The surveillance cameras at Big Y, a Massachusetts grocery chain, are not just passively recording customers and staff. They’re studying checkout lines for signs of “sweethearting.”

That’s when cashiers use subtle tricks to pass free goods to friends: obscuring the bar code, slipping an item behind the scanner, passing two items at a time but charging for one.

There simply aren’t enough watchful human eyes to keep it from happening. So Big Y is using technology to block it — with implications far beyond dishonest cashiers.

Mathematical algorithms embedded in the stores’ new security system pick out sweethearting on their own. There’s no need for a security guard watching banks of video monitors or reviewing hours of grainy footage. When the system thinks it’s spotted evidence, it alerts management on a computer screen and offers up the footage.
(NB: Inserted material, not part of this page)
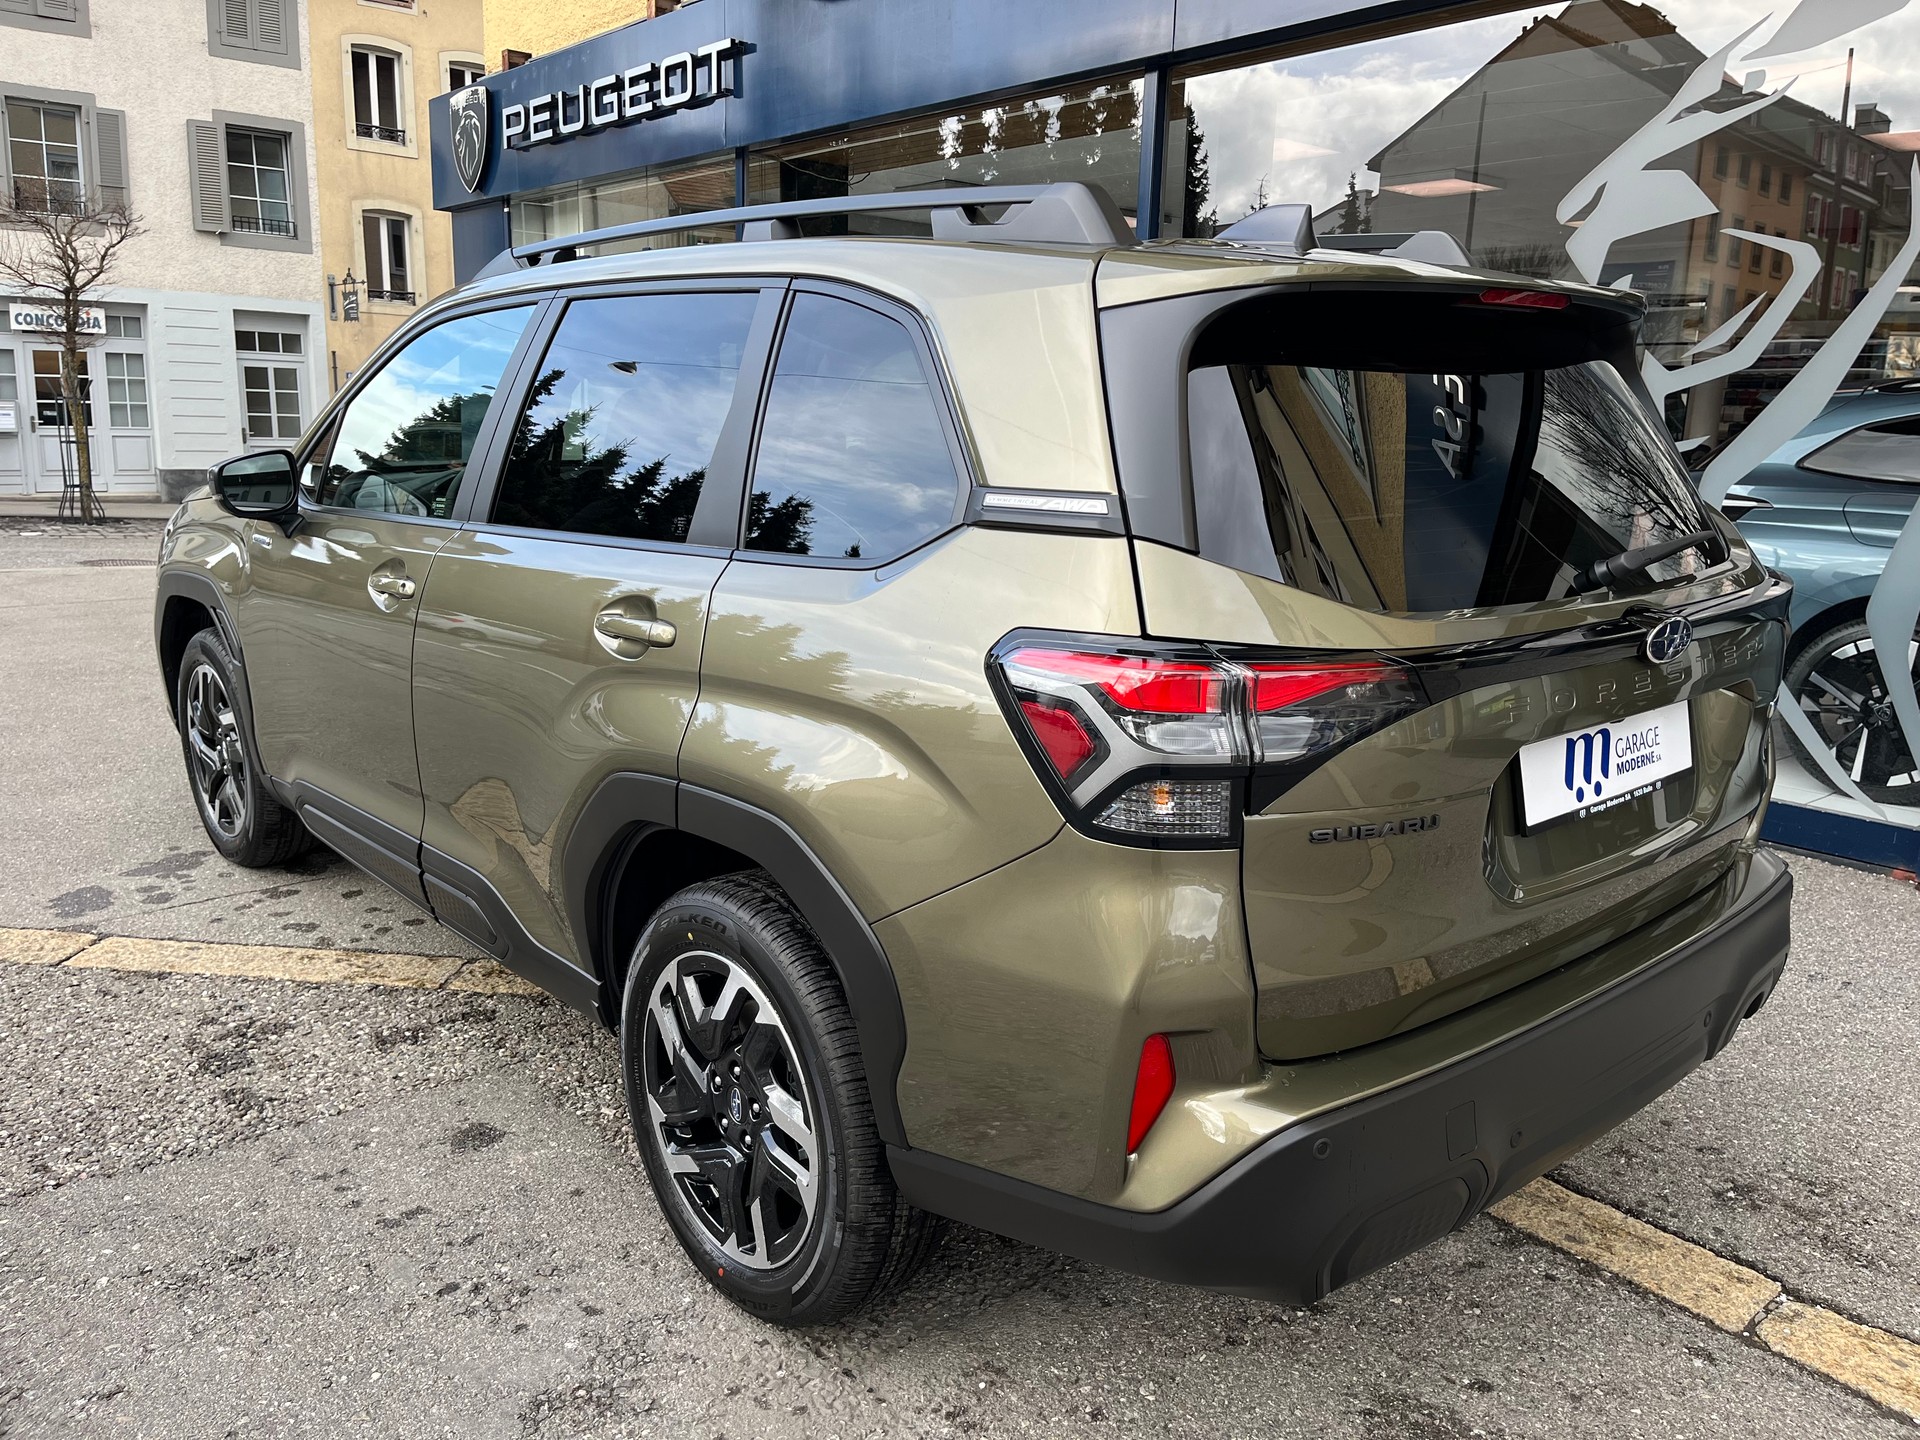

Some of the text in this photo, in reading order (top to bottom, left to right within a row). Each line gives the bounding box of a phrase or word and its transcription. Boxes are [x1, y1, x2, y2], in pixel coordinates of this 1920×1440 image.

The possibilities that researchers envision for this kind of technology have the ring of science fiction. Think of systems that spot abandoned packages on a train platform or alert an airline crew to a potential terrorist on board. Already, cities such as Chicago have invested in “anomaly detection” cameras around town, linked to emergency headquarters. The city plans to announce this week that it is using the technology at Navy Pier, one of Chicago’s best-known attractions.

But just how smart have these cameras really become?

Big Y’s security system comes from a Cambridge, Mass.-based company called StopLift Inc. The technology works by scouring video pixels for various gestures and deciding whether they add up to a normal transaction at the register or not.

The task grows much more complicated if you’re trying to, say, spot the one hijacker among a plane full of innocent passengers.

A central computer would take on the job of compiling data from the cameras — and from audio sensors and the plane itself, among other sources — and deciding whether a credible threat existed before alerting the crew.

Officials in Chicago are already sold on the idea that cameras can detect a variety of threats. Ray Orozco, Chicago’s head of emergency management, said he can’t reveal specific threats the system may have detected, for fear of compromising security.